I think that function shouldn't be doing two things? Maybe I should do the printing in the caller function? If so, how can I accomplish that?

This is traditionally called tee or split, and the more principled interface is to accept an additional writer instead of printing directly, so "printing" is not hard-coded into the function. This is especially valuable because as it stands, your current code intermingles standard output and standard error (it always prints everything to stdout).

Here's an alternative implementation.

2 Likes

Thanks a lot for the suggestion!

With your alternative, the function doesn't print echo in real-time in the terminal, though.

"Hello, World!" will only appear after the command has finished executing.

If you want it to print lines as they are received, you might need to add a writer.flush()? after the writer.write_all()? so it forces each line to be written to the terminal. Otherwise the data will be written to stdout, but your OS may not decide to pass those bytes through to whoever is connected to stdout (e.g. your terminal) until later on.

I believe print!() and println!() do this automatically when the content being printed contains a \n because stdout is internally wrapped in a std::io::LineWriter.

Alternatively, you could leave it up to the caller to make sure their writer does the flushing.

use std::io::LineWriter;

tee(BufReader::new(stdout_pipe), LineWriter::new(io::stdout()));
2 Likes

I tried adding writer.flush()? after writer.write_all()?, but the problem persists: Rust Playground

It looks like you need to manually write a newline because the reader.lines() stripped it away. When you do writer.write_all(line.bytes())? the line variable only contains the bytes for "Hello, World!".

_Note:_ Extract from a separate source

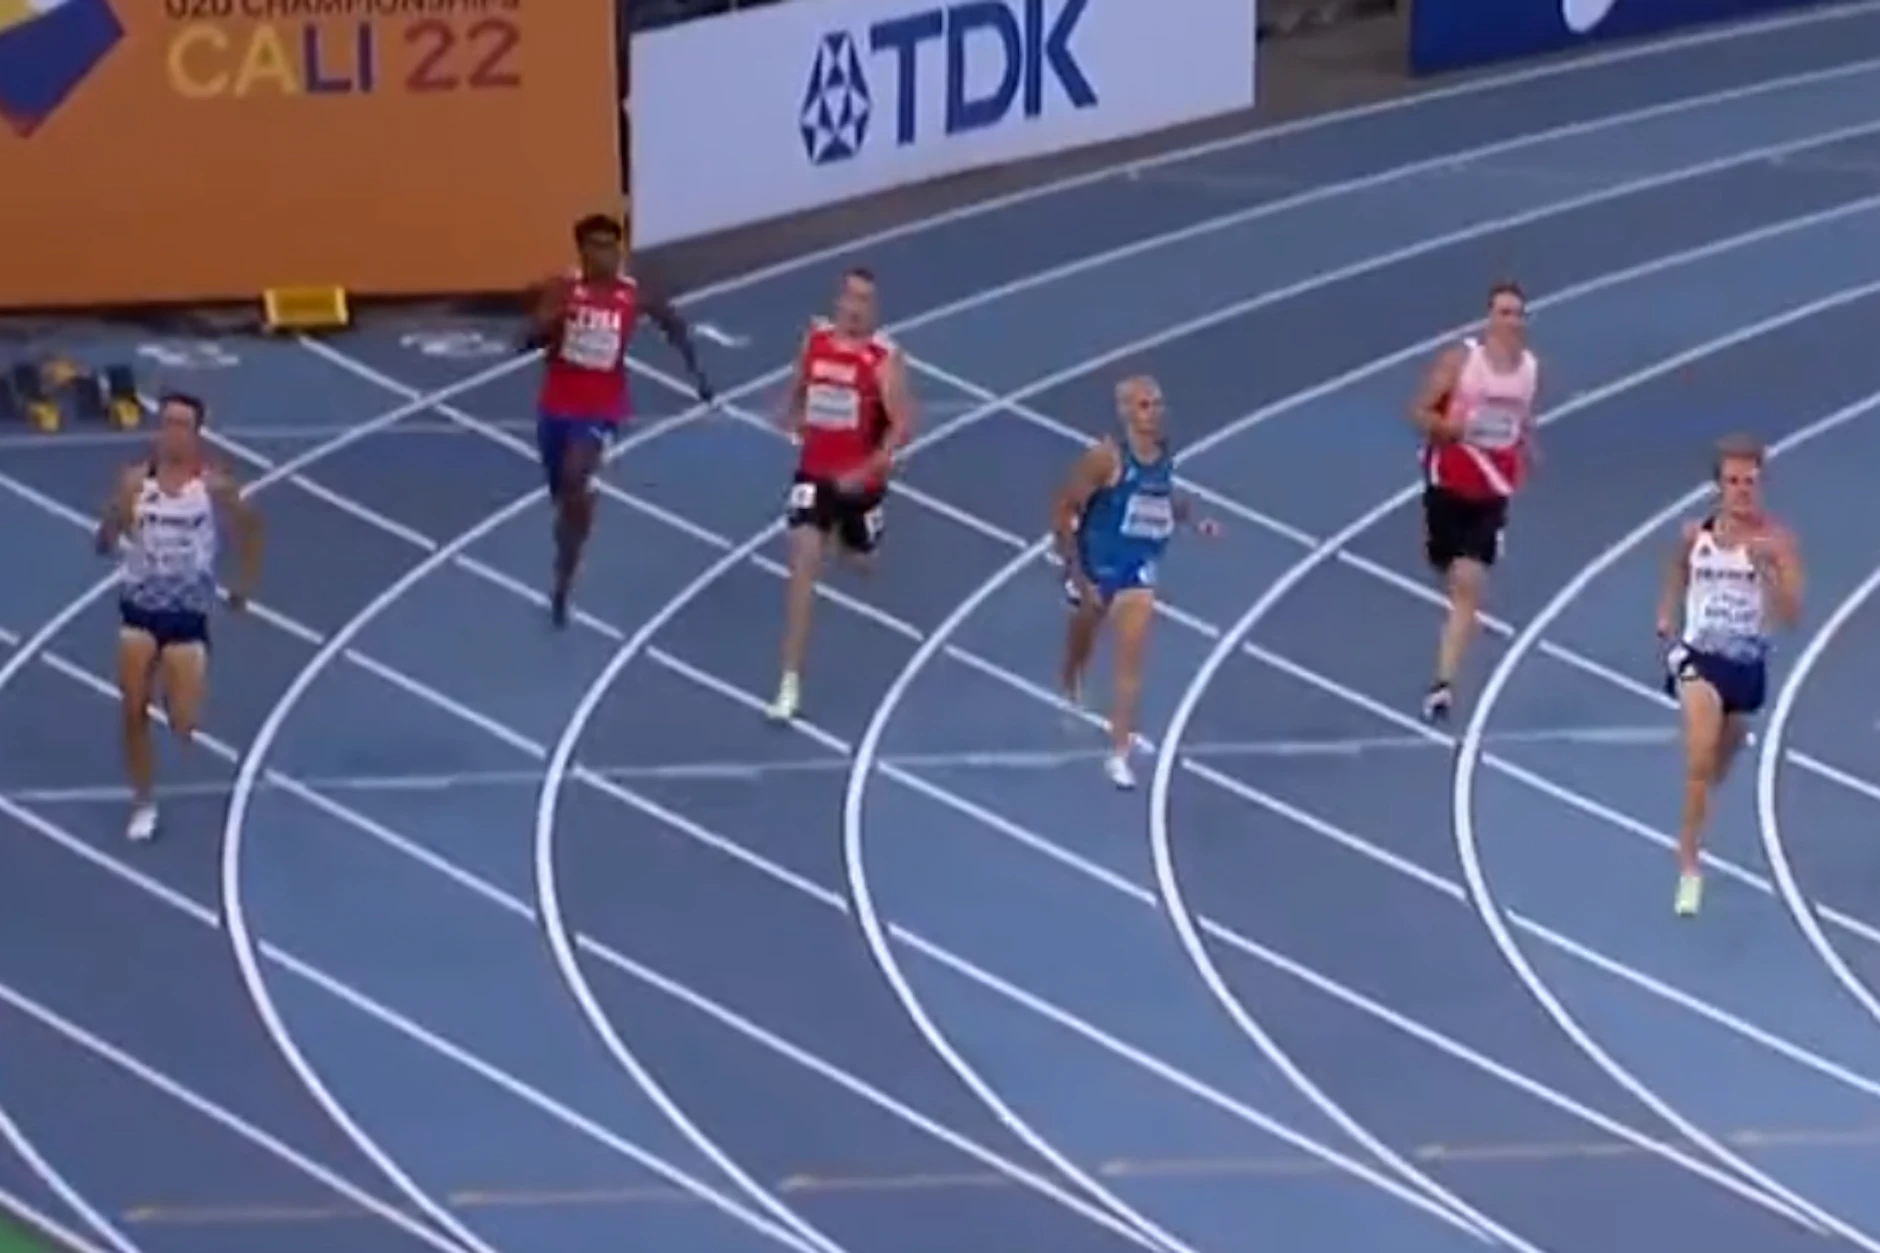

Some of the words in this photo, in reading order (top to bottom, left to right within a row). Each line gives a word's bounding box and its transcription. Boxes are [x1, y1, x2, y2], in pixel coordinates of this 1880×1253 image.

This code works as expected:

writer.write(line.as_bytes())?;
writer.write(b"\r\n")?;
writer.flush()?;

(playground)

3 Likes

(but you should probably still use write_all() instead of write().)

1 Like

It works. Thanks a lot!

Why do you suggest using write_all() instead of write() in this case?

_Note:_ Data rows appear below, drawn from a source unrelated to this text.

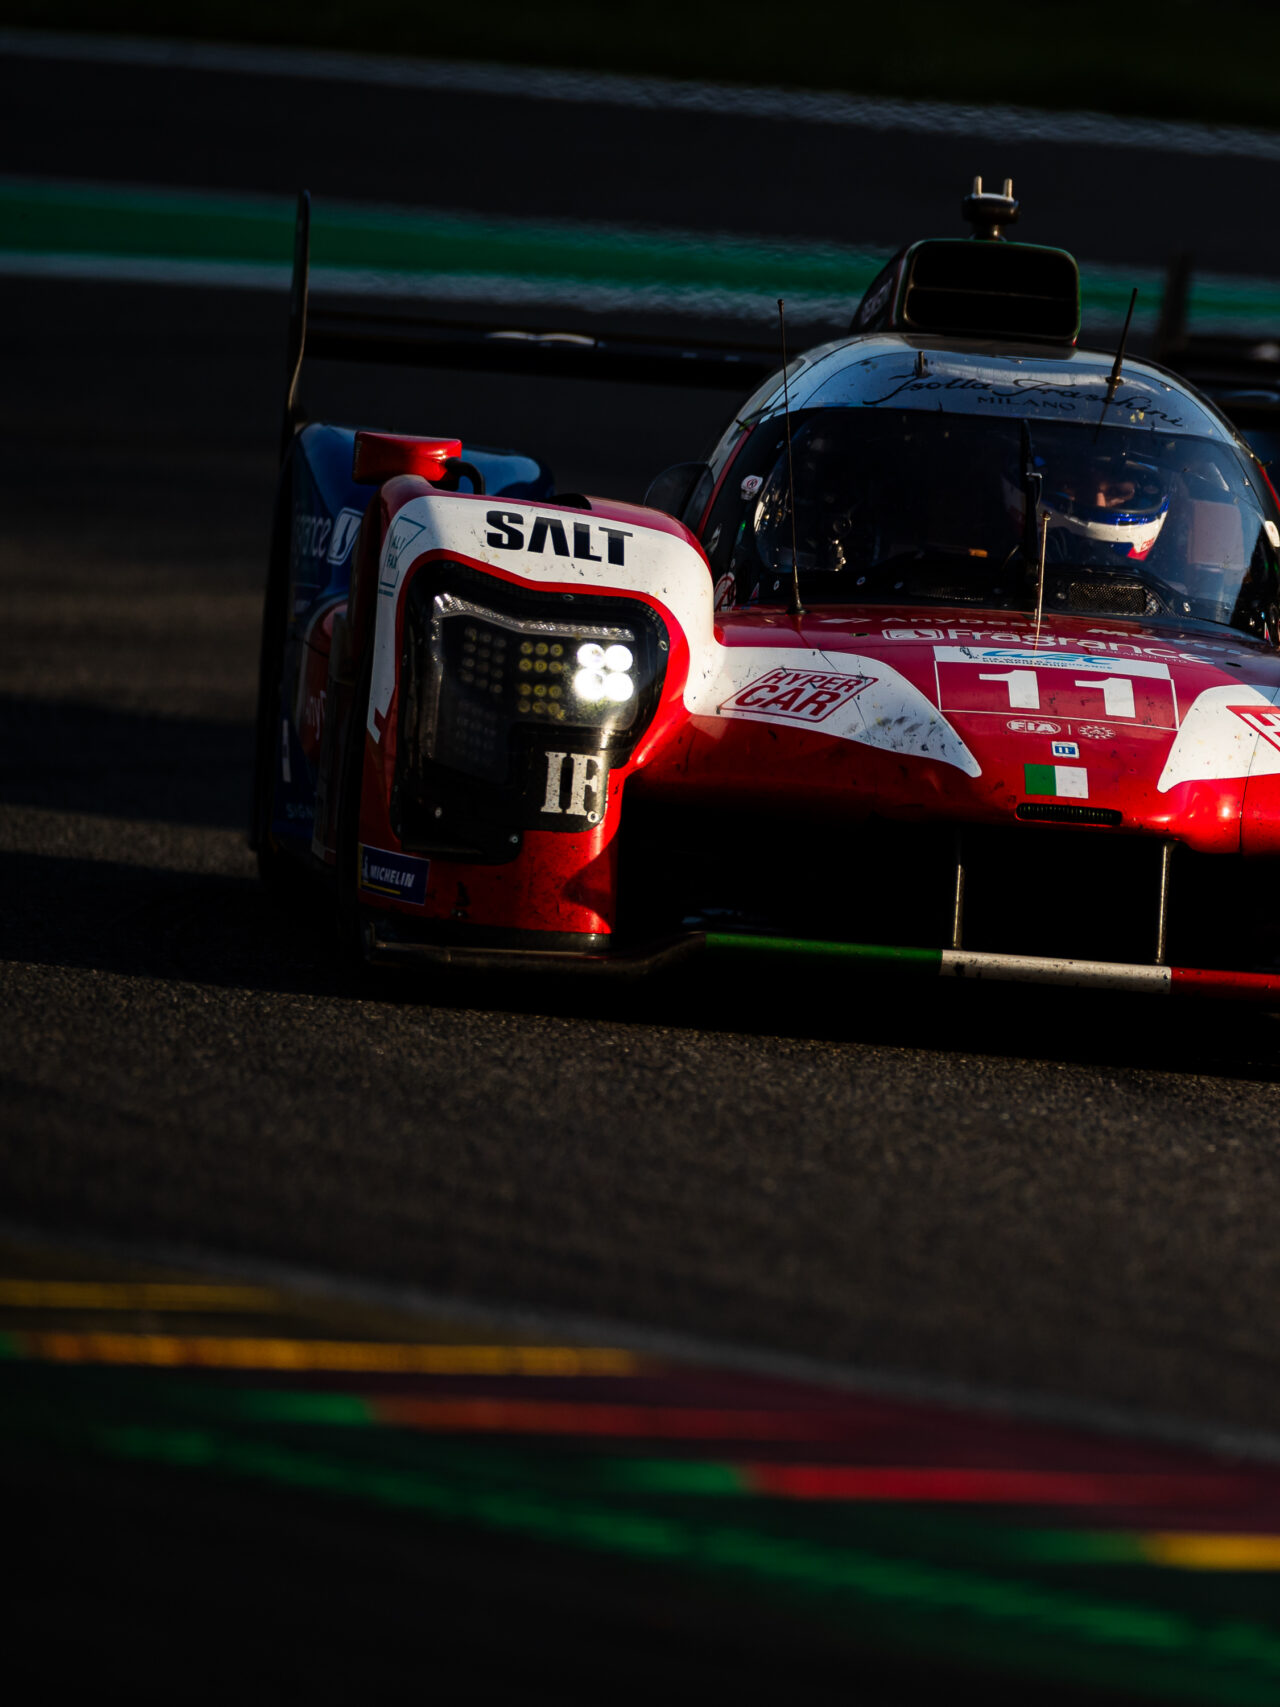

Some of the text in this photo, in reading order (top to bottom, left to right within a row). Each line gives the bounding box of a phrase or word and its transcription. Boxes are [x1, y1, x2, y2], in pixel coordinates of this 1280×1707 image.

[976, 396, 1077, 411] MILANO
[486, 509, 633, 566] SALT
[947, 628, 1217, 665] Fragrance
[982, 650, 1121, 665] WEC
[761, 671, 865, 692] HYPER
[978, 669, 1136, 718] 11
[735, 684, 841, 716] CAR
[1010, 721, 1056, 734] FIA
[540, 751, 604, 816] IF
[369, 864, 416, 888] MICHELIN

Because write() isn't guaranteed to write the whole buffer.

If you want to use write(), then you need to call it in a loop, always checking its return value, and if it's smaller than the length of the slice, then retry. That's what write_all() does, so you might as well use it instead of reinventing the retry logic yourself.

1 Like

Thanks for the explanation!

In the rest of my app, I'm using write!(). I've never had any issues. I think this is a different situation? For example:

#[derive(Debug)]
pub enum InputError {
    NotUTF8(Vec<u8>),
    EmptyString,
    IoError(io::Error),
}

impl From<io::Error> for InputError {
    fn from(error: io::Error) -> Self {
        InputError::IoError(error)
    }
}

impl fmt::Display for InputError {
    fn fmt(&self, f: &mut fmt::Formatter<'_>) -> fmt::Result {
        match self {
            InputError::NotUTF8(bytes) => write!(
                f,
                "Input contained non-UTF8 bytes: {:?}",
                bytes
                    .iter()
                    .map(|b| format!("0x{:X}", b))
                    .collect::<Vec<_>>()
            ),
            InputError::EmptyString => write!(f, "Input was empty"),
            InputError::IoError(e) => write!(f, "I/O Error: {}", e),
        }
    }
}

write! macro (not to be confused with write method) essentially uses write_all internally.

2 Likes

In more detail, write! uses the write_fmt method[1], which in turn uses the write_all method (as its documentation explains, too).

The basic idea is that write!(writer, format_string, args…) simply becomes writer.write_fmt(format_args!(format_string, args…)). It’s in fact one macro with very easy to understand source code :slight_smile:.

macro_rules! write {
    ($dst:expr, $($arg:tt)*) => {
        $dst.write_fmt($crate::format_args!($($arg)*))
    };
}

  1. or in other use cases it could use this one depending on which of the 2 Write traits is in scope and implemented for the type at hand ↩︎

2 Likes

write!() is a macro. I'm talking about the Write::write() method.